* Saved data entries
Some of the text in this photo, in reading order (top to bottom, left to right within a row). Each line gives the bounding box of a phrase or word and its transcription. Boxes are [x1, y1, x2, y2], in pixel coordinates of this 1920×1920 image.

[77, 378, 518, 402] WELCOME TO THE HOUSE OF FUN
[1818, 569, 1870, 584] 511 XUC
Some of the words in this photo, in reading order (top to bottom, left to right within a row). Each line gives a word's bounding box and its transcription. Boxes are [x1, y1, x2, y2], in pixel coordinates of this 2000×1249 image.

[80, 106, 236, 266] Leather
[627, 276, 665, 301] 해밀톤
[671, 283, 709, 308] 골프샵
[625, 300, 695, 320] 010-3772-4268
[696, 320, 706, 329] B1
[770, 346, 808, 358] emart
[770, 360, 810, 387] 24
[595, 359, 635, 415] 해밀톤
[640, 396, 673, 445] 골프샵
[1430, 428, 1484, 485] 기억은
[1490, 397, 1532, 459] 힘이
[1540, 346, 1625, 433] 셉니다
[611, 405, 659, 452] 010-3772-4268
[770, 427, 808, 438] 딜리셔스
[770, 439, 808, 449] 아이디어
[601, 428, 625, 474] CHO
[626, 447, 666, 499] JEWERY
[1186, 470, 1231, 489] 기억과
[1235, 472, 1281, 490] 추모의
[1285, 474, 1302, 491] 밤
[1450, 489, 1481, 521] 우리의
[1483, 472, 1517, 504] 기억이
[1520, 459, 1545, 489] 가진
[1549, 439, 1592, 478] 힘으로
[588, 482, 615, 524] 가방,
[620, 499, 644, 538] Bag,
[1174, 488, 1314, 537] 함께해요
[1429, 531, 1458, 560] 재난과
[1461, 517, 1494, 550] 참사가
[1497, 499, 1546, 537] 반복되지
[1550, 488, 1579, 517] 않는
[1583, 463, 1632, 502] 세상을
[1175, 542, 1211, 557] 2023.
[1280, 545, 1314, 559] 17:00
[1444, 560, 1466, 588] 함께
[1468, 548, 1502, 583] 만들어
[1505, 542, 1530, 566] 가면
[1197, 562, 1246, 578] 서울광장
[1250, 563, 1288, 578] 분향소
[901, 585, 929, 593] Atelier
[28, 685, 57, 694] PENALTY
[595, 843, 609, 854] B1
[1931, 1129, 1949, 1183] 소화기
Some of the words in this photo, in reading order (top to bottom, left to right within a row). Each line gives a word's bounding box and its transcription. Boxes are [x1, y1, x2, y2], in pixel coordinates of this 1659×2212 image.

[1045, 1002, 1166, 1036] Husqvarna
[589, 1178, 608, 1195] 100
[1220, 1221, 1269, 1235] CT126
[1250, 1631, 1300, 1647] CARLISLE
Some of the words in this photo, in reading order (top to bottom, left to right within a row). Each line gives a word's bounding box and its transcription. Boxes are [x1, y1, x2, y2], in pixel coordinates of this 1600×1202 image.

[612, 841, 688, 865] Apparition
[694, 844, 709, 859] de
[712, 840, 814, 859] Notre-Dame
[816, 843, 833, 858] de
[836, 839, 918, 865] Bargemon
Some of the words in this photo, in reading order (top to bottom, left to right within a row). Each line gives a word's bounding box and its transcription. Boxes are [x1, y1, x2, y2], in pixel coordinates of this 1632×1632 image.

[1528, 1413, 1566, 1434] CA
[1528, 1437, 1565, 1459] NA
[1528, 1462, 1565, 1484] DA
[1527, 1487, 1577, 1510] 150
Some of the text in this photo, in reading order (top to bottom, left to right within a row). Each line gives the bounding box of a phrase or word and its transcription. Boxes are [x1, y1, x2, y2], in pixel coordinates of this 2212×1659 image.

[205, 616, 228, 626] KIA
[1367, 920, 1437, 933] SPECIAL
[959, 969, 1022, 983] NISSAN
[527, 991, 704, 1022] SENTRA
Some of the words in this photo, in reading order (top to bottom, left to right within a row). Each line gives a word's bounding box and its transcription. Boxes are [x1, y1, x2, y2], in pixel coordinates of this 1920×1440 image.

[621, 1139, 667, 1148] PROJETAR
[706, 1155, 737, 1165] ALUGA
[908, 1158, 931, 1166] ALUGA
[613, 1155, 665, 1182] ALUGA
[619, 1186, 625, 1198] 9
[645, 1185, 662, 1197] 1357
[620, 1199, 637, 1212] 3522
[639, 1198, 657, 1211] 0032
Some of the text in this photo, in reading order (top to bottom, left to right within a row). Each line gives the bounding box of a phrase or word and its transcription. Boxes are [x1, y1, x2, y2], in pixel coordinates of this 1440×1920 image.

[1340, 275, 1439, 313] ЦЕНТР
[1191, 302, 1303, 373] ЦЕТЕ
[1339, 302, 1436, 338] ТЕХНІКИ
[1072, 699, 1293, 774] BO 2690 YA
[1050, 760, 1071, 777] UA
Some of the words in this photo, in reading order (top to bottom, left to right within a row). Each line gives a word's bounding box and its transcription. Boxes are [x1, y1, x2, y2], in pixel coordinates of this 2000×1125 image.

* What you have to do
Transcribe each record exactly. Leave nothing out.

* Problem solution
Some of the text in this photo, in reading order (top to bottom, left to right within a row). Each line gives the bounding box of a phrase or word and its transcription. Boxes are [x1, y1, x2, y2], in pixel coordinates of this 1920×1920 image.

[77, 378, 518, 402] WELCOME TO THE HOUSE OF FUN
[1818, 569, 1870, 584] 511 XUC
Some of the words in this photo, in reading order (top to bottom, left to right within a row). Each line gives a word's bounding box and its transcription. Boxes are [x1, y1, x2, y2], in pixel coordinates of this 2000×1249 image.

[80, 106, 236, 266] Leather
[627, 276, 665, 301] 해밀톤
[671, 283, 709, 308] 골프샵
[625, 300, 695, 320] 010-3772-4268
[696, 320, 706, 329] B1
[770, 346, 808, 358] emart
[770, 360, 810, 387] 24
[595, 359, 635, 415] 해밀톤
[640, 396, 673, 445] 골프샵
[1430, 428, 1484, 485] 기억은
[1490, 397, 1532, 459] 힘이
[1540, 346, 1625, 433] 셉니다
[611, 405, 659, 452] 010-3772-4268
[770, 427, 808, 438] 딜리셔스
[770, 439, 808, 449] 아이디어
[601, 428, 625, 474] CHO
[626, 447, 666, 499] JEWERY
[1186, 470, 1231, 489] 기억과
[1235, 472, 1281, 490] 추모의
[1285, 474, 1302, 491] 밤
[1450, 489, 1481, 521] 우리의
[1483, 472, 1517, 504] 기억이
[1520, 459, 1545, 489] 가진
[1549, 439, 1592, 478] 힘으로
[588, 482, 615, 524] 가방,
[620, 499, 644, 538] Bag,
[1174, 488, 1314, 537] 함께해요
[1429, 531, 1458, 560] 재난과
[1461, 517, 1494, 550] 참사가
[1497, 499, 1546, 537] 반복되지
[1550, 488, 1579, 517] 않는
[1583, 463, 1632, 502] 세상을
[1175, 542, 1211, 557] 2023.
[1280, 545, 1314, 559] 17:00
[1444, 560, 1466, 588] 함께
[1468, 548, 1502, 583] 만들어
[1505, 542, 1530, 566] 가면
[1197, 562, 1246, 578] 서울광장
[1250, 563, 1288, 578] 분향소
[901, 585, 929, 593] Atelier
[28, 685, 57, 694] PENALTY
[595, 843, 609, 854] B1
[1931, 1129, 1949, 1183] 소화기
Some of the words in this photo, in reading order (top to bottom, left to right within a row). Each line gives a word's bounding box and its transcription. Boxes are [x1, y1, x2, y2], in pixel coordinates of this 1659×2212 image.

[1045, 1002, 1166, 1036] Husqvarna
[589, 1178, 608, 1195] 100
[1220, 1221, 1269, 1235] CT126
[1250, 1631, 1300, 1647] CARLISLE
Some of the words in this photo, in reading order (top to bottom, left to right within a row). Each line gives a word's bounding box and its transcription. Boxes are [x1, y1, x2, y2], in pixel coordinates of this 1600×1202 image.

[612, 841, 688, 865] Apparition
[694, 844, 709, 859] de
[712, 840, 814, 859] Notre-Dame
[816, 843, 833, 858] de
[836, 839, 918, 865] Bargemon
Some of the words in this photo, in reading order (top to bottom, left to right within a row). Each line gives a word's bounding box and its transcription. Boxes are [x1, y1, x2, y2], in pixel coordinates of this 1632×1632 image.

[1528, 1413, 1566, 1434] CA
[1528, 1437, 1565, 1459] NA
[1528, 1462, 1565, 1484] DA
[1527, 1487, 1577, 1510] 150
Some of the text in this photo, in reading order (top to bottom, left to right within a row). Each line gives the bounding box of a phrase or word and its transcription. Boxes are [x1, y1, x2, y2], in pixel coordinates of this 2212×1659 image.

[205, 616, 228, 626] KIA
[1367, 920, 1437, 933] SPECIAL
[959, 969, 1022, 983] NISSAN
[527, 991, 704, 1022] SENTRA
Some of the words in this photo, in reading order (top to bottom, left to right within a row). Each line gives a word's bounding box and its transcription. Boxes are [x1, y1, x2, y2], in pixel coordinates of this 1920×1440 image.

[621, 1139, 667, 1148] PROJETAR
[706, 1155, 737, 1165] ALUGA
[908, 1158, 931, 1166] ALUGA
[613, 1155, 665, 1182] ALUGA
[619, 1186, 625, 1198] 9
[645, 1185, 662, 1197] 1357
[620, 1199, 637, 1212] 3522
[639, 1198, 657, 1211] 0032
Some of the text in this photo, in reading order (top to bottom, left to right within a row). Each line gives the bounding box of a phrase or word and its transcription. Boxes are [x1, y1, x2, y2], in pixel coordinates of this 1440×1920 image.

[1340, 275, 1439, 313] ЦЕНТР
[1191, 302, 1303, 373] ЦЕТЕ
[1339, 302, 1436, 338] ТЕХНІКИ
[1072, 699, 1293, 774] BO 2690 YA
[1050, 760, 1071, 777] UA
Some of the words in this photo, in reading order (top to bottom, left to right within a row). Each line gives a word's bounding box and its transcription. Boxes are [x1, y1, x2, y2], in pixel coordinates of this 2000×1125 image.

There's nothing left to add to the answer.